The Court's statements and conduct that give rise to the defendants' concern do not satisfy the standards for recusal set by the higher courts. While the Court indeed faced occasional times over the five-month trial period when its patience with the defendants (as well as with the Government) was tested, there is nothing in the record, or outside of the record, which can be said to show any "deep-seated favoritism or antagonism" toward these defendants. Id. Accordingly, a thorough review of the entire record of the trial demonstrates that there exists no basis upon which a reasonable person could question the impartiality of the Court. Therefore, the Court will not recuse itself from the consideration of defendants' post-trial motions. "A judge is as much obliged not to recuse himself when it is not called for as he is obliged to when it is." Drexel, 861 F.2d at 1312.

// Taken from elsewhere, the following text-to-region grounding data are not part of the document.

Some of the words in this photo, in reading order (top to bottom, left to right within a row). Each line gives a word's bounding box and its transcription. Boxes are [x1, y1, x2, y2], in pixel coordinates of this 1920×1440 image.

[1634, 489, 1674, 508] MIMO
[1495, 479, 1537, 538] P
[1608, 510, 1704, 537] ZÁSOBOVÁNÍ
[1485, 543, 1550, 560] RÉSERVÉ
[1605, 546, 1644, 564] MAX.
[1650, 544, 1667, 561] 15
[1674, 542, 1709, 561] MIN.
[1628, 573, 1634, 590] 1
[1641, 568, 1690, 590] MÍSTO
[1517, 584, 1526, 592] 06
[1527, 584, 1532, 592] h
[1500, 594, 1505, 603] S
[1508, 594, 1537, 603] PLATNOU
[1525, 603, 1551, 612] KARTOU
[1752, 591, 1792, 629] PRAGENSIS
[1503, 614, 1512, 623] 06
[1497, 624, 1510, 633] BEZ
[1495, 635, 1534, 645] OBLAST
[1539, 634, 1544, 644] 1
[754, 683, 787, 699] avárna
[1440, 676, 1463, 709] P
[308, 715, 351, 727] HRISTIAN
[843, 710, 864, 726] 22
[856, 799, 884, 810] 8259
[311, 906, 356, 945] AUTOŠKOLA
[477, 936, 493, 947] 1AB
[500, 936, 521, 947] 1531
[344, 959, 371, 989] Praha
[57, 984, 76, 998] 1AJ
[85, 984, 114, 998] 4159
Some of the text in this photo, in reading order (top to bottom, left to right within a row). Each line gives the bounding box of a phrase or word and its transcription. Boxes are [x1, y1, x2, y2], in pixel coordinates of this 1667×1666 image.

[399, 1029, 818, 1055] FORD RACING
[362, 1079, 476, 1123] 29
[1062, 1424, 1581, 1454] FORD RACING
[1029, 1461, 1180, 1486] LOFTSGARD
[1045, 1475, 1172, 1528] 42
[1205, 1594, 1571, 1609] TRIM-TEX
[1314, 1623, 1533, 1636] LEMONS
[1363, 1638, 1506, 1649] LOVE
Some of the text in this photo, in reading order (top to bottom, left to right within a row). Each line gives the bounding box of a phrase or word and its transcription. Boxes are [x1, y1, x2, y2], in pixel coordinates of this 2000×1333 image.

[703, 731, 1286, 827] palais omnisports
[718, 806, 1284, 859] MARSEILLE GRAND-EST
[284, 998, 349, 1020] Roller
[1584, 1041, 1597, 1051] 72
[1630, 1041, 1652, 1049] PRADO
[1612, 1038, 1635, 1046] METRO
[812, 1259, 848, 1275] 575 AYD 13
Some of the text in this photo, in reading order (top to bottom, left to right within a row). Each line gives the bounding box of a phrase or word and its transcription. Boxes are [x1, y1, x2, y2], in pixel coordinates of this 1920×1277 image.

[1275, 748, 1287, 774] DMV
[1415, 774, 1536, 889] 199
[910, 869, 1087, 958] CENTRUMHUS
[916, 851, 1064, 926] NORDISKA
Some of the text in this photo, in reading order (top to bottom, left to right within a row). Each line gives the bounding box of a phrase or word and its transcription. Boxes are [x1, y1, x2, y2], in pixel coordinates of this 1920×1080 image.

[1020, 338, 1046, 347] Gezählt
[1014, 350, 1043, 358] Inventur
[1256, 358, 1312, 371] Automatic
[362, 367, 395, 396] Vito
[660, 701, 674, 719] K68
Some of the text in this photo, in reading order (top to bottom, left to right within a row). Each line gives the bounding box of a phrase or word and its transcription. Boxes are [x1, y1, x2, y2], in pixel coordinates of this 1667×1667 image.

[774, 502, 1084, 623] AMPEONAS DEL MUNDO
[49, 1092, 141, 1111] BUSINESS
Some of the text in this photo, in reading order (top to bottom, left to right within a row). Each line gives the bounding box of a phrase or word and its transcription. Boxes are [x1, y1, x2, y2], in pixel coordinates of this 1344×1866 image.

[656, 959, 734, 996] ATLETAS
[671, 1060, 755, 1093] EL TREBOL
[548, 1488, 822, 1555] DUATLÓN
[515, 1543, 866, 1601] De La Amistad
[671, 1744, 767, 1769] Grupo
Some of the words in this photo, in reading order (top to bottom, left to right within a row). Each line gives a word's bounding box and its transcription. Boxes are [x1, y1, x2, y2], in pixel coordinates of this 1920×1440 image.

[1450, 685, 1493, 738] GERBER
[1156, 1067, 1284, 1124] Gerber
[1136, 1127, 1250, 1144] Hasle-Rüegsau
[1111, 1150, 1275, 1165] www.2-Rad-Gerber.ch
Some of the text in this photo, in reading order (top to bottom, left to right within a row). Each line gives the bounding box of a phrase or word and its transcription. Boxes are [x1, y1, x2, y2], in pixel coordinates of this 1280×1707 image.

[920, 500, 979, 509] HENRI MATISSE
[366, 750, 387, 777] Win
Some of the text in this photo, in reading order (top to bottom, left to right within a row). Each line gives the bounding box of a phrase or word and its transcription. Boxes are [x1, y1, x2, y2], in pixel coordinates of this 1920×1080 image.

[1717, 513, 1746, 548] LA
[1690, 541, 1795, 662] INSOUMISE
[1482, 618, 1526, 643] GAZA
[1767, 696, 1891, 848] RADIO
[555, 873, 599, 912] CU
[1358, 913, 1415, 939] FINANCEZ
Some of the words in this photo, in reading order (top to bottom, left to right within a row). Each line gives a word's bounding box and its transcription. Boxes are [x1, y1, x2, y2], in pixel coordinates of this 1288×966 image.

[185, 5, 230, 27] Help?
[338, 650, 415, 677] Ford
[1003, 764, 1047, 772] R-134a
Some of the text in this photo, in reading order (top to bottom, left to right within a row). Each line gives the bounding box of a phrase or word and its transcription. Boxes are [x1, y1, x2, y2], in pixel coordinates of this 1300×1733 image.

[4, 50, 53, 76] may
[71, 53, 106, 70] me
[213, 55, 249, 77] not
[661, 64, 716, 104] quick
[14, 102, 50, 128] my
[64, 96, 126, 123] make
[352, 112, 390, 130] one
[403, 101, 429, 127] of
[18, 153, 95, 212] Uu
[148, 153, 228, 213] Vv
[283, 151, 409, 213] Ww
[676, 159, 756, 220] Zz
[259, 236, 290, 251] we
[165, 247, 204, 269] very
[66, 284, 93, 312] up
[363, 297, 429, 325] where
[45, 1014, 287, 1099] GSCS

When a defendant moves for judgment of acquittal under Rule 29 of the Federal Rules of Criminal Procedure, the Court must determine, based on all of the relevant evidence, whether a rational juror "might fairly conclude guilt beyond a reasonable doubt." United States v. Mariani, 725 F.2d 862, 865 (2d Cir. 1984) (quoting United States v. Taylor, 464 F.2d 240, 243 (2d Cir. 1972)); accord United States v. Bloome, 784 F. Supp. 23, 25 (E.D.N.Y. 1992). The Court must resolve all reasonable inferences in favor of the Government, see Mariani, 725 F.2d at 865, and resolve all issues of credibility in favor of the jury's verdict. See, e.g., United States v. Weiss, 930 F.2d 185, 191 (2d Cir. 1991); United States v. Roldan-Zapata, 916 F.2d 795, 802 (2d Cir. 1990). To succeed on the motion, the defendant[s] must persuade the Court that, "viewing the evidence in the light most favorable to the government, . . . no rational trier of fact could have found the essential elements of the crime charged beyond a reasonable doubt." United States v. Leslie, 103 F.3d 1093, 1100 (2d Cir.), cert. denied, 117 S. Ct. 1713 (1997) (quoting United States v. Taylor, 92 F.3d 1313, 1333 (2d Cir. 1996), cert. denied, 136 L. Ed. 2d 717, 117 S. Ct. 771, 117 S. Ct. 772 (1997)) (internal quotation marks omitted).
B. Narvaez's Challenges to His Racketeering Convictions
1. "Pattern of Racketeering Activity"
Defendant Narvaez argues in his motion that the Court should grant him a judgment of acquittal on the RICO and RICO conspiracy counts of the indictment (Counts One and Two), despite the jury's verdict to convict. Narvaez claims that the Government failed to prove any relatedness between the racketeering acts that served as the predicates for his RICO convictions, and therefore failed to prove that Narvaez engaged in a "pattern of racketeering activity," as required by the RICO statute, 18 U.S.C. §§ 1962(c), (d).
A pattern of racketeering activity, as defined by the RICO statute, requires at least two racketeering acts committed by the defendant within the relevant limitations period.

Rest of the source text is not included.